“Barangsiapa yang menginginkan dunia maka hendaklah
berilmu.Barangsiapa yang menginginkan akhirat, maka hendaklah dengan
ilmu.Barangsiapa yang menginginkan keduanya, maka hendaklah dengan ilmu.”
(al-Imam asy-Syafi’i rahimahullah dikutip dalam al-Majmu syarh al-Muhadzdzab,
Juz 1 hal. 30)
Pendidikan pasca kelahiran memiliki beberapa fase
diantaranya: 1) Fase bayi, ialah fase kehidupan manusia terhitung dari saat
kelahiran sampai kira-kira berumur dua tahun. Selama rentang waktu itu,
kehidupan bayi biasanya sangat tergantung pada bantuan dan pemeliharaan pihak
lain, terutama si ibu. Peranan ibu yang demikian besarnya terhadap si bayi itu
tentu mempunyai arti tersendiri bagi pendidikannya. 2) fase kanan-kanak. 3)
fase anak-anak. 4) fase remaja. 5) fase dewasa. Mengucapkan kalimat syahadat
bagi orang yang sakaratul maut
sebagai batas akhir bagi pendidikan orang dewasa. Karena setelah berpisah roh
dengan badan, manusia secara fisik sudah berubah menjadi mayat, sedangkan
psikis (rohani) nya kembali ke hadhirat Allah subhanahu wa ta’ala. Inilah yang disebut pendidikan sepanjang hayat
(long life education). Sebuah kalimat
hikmah yang biasa kita dengar: “Tuntutlah ilmu sejak dari buaian hingga
liang lahad” merupakan suatu perkataan yang menjadi dasar peletakan
pendidikan sepanjang hayat (long life education), karena jika seseorang
ingin meraih dunianya maka wajib baginya menuntut ilmu, begitupula jika
seseorang ingin meraih akhiratnya maka wajib baginya pula menuntut ilmu. al-Imam
Muhammad bin Idris asy-Syafi’i rahimahullah berkata:
مَنْ أَرَادَ الدُّنْيَا فَعَلَيْهِ بِاْلعِلْمِ
وَمَنْ أَرَادَ الآخِرَهَ فَعَلَيْهِ بِالْعِلْمِ وَمَنْ أَرَادَهُمَا فَعَلَيْهِ باِلعِلْمِ
“Barangsiapa yang menginginkan dunia
maka hendaklah berilmu.Barangsiapa yang menginginkan akhirat, maka hendaklah
dengan ilmu.Barangsiapa yang menginginkan keduanya, maka hendaklah dengan
ilmu.”[1]
1. Fase Bayi
Masa bayi disebut juga masa mulut (oral phase).[2] Fase bayi ialah fase kehidupan manusia terhitung dari
saat kelahiran sampai kira-kira berumur dua tahun.
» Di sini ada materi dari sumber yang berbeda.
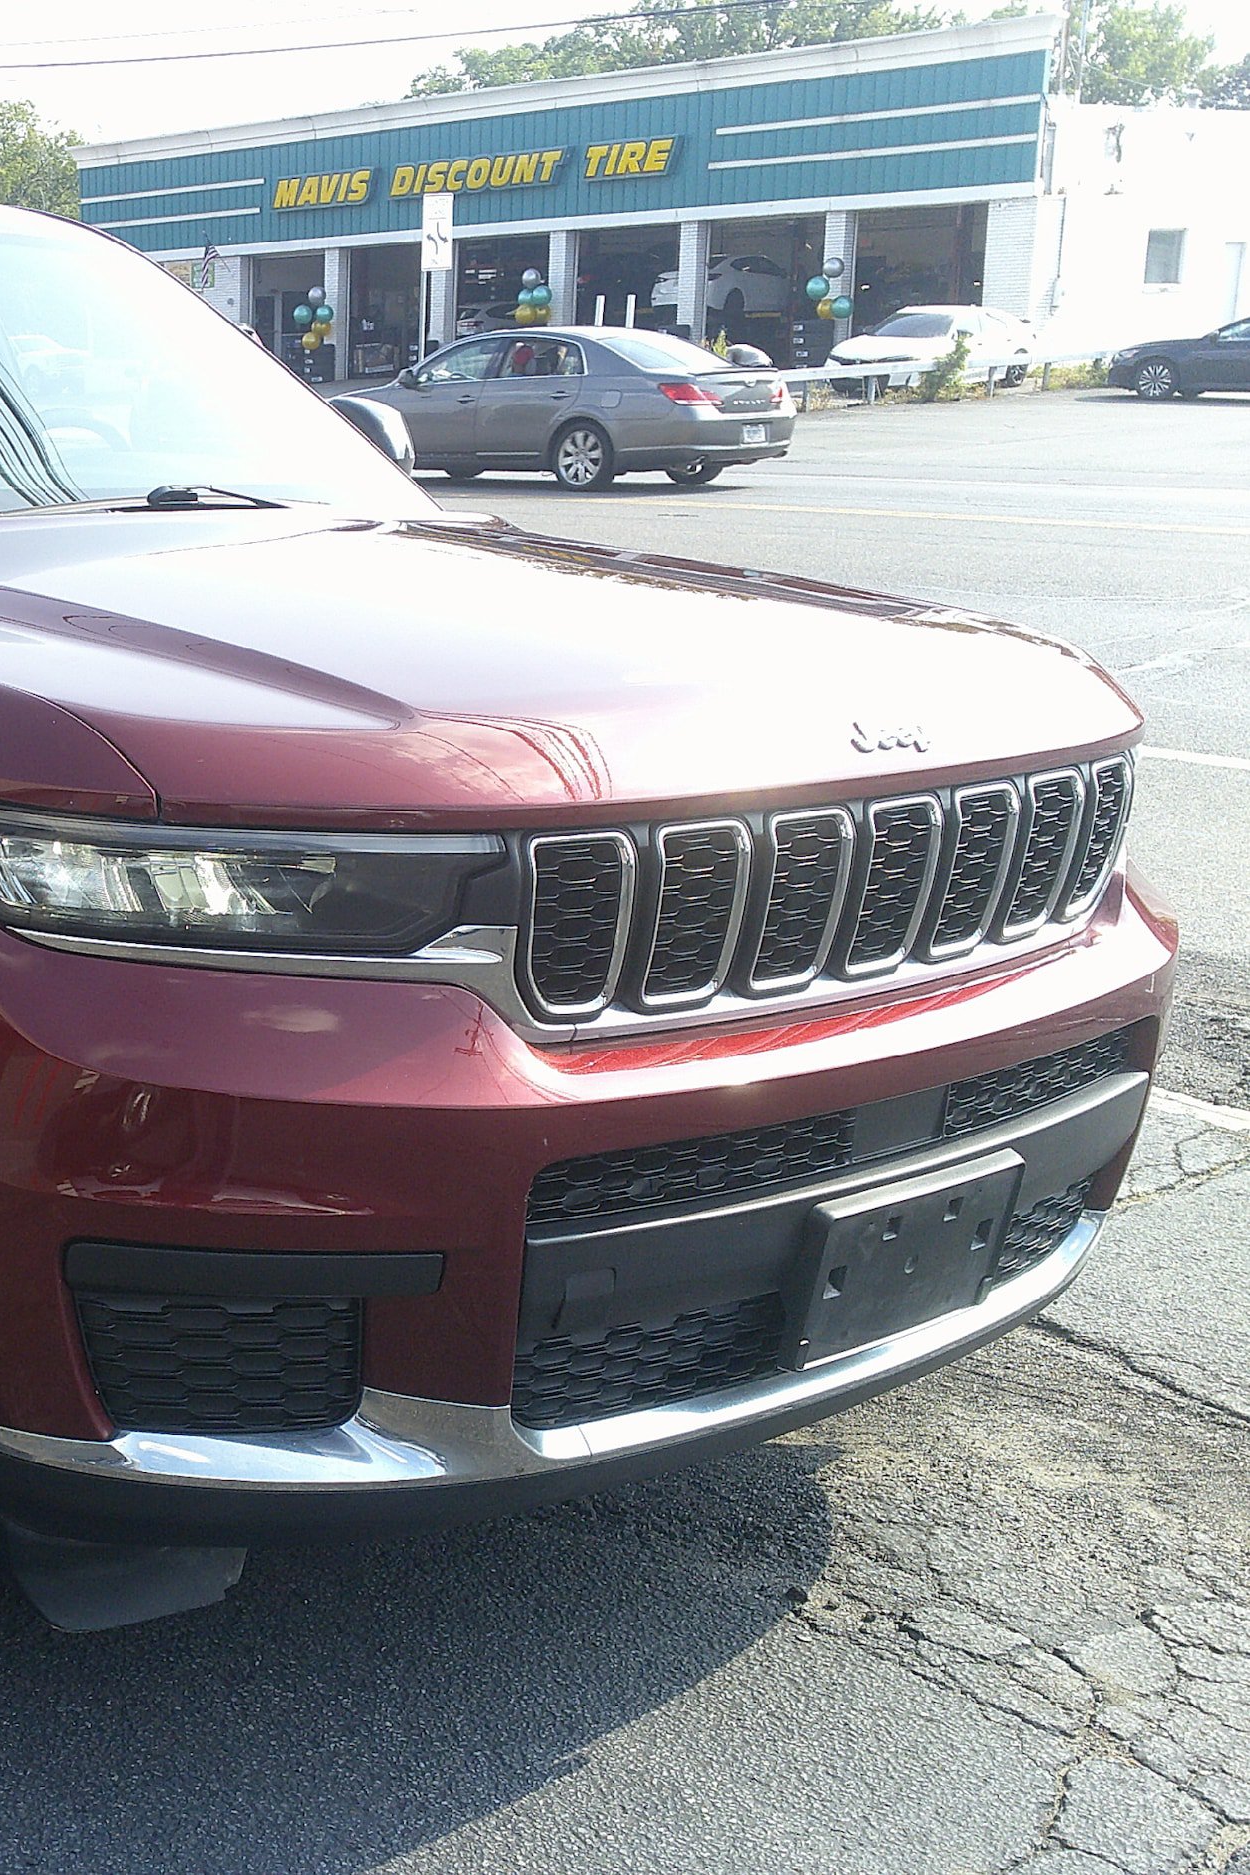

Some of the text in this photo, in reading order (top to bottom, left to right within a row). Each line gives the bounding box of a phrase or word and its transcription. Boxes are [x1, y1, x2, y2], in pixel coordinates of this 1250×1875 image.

Selama rentang waktu itu,
kehidupan bayi biasanya sangat tergantung pada bantuan dan pemeliharaan pihak
lain, terutama si ibu. Peranan ibu yang demikian besarnya terhadap si bayi itu
tentu mempunyai arti tersendiri bagi pendidikannya. Fase bayi sudah dapat
dikatakan lebih empirik. Proses pendidikan pada masa pranatal bersifat tidak
langsung, maka pada masa bayi sudah mulai masuk ke dalam pendidikan yang
langsung. Pada diri sang bayi sudah terdapat beberapa aspek kehidupan yang
researchable. Beberapa data aspek kehidupan sudah mampu dilacak dimonitor
melalui indera. Hal ini semua menunjukkan bahwa si bayi pada saat itu, walau
masih belum sempurna kerja organ tubuhnya, namun sudah siap menerima
pendidikan.[3]
Di antara perkembangannya yang menonjol pada saat itu adalah
indera pendengaran. Indera pendengaran yang berfungsi cepat harus dimanfaatkan
untuk mendengarkan kata-kata suci. Tujuannya tidak lain adalah bagaimana
melestarikan dan mengembangkan naluri tauhid yang telah diterimanya jauh sebelum
masa kelahiran. Dibanding fase perkembangan sebelum anak lahir ada beberapa hal
yang harus dilakukan oleh orang tua terhadap anaknya:
·
Mendapat hak waris.
· Menyampaikan kabar gembira dan ucapan selamat atas kelahiran.
· Menyuarakan azan dan ikomah ditelinga bayi.
· Memberi nama.
· Menyampaikan kabar gembira dan ucapan selamat atas kelahiran.
· Menyuarakan azan dan ikomah ditelinga bayi.
· Memberi nama.
Pada bulan-bulan berikutnya hingga usia dua tahun, si bayi
sudah mengalami perkembangan yang pesat dari segi fisik dan psikisnya. Kelima
inderanya sudah berfungsi. Si bayi sudah dapat mengucapkan kata-kata, menangkap
isyarat, berjalan dan sebagainya. Perkembangan-perkembangan yang sedang
dialaminya itu dapat digunakan untuk menanamkan nilai-nilai agama. Demikian
kira-kira pola pendidikan bayi. Walaupun pola masih sederhana, namun justru
merupakan moment yang menentukan bagi pendidikan berikutnya.[4]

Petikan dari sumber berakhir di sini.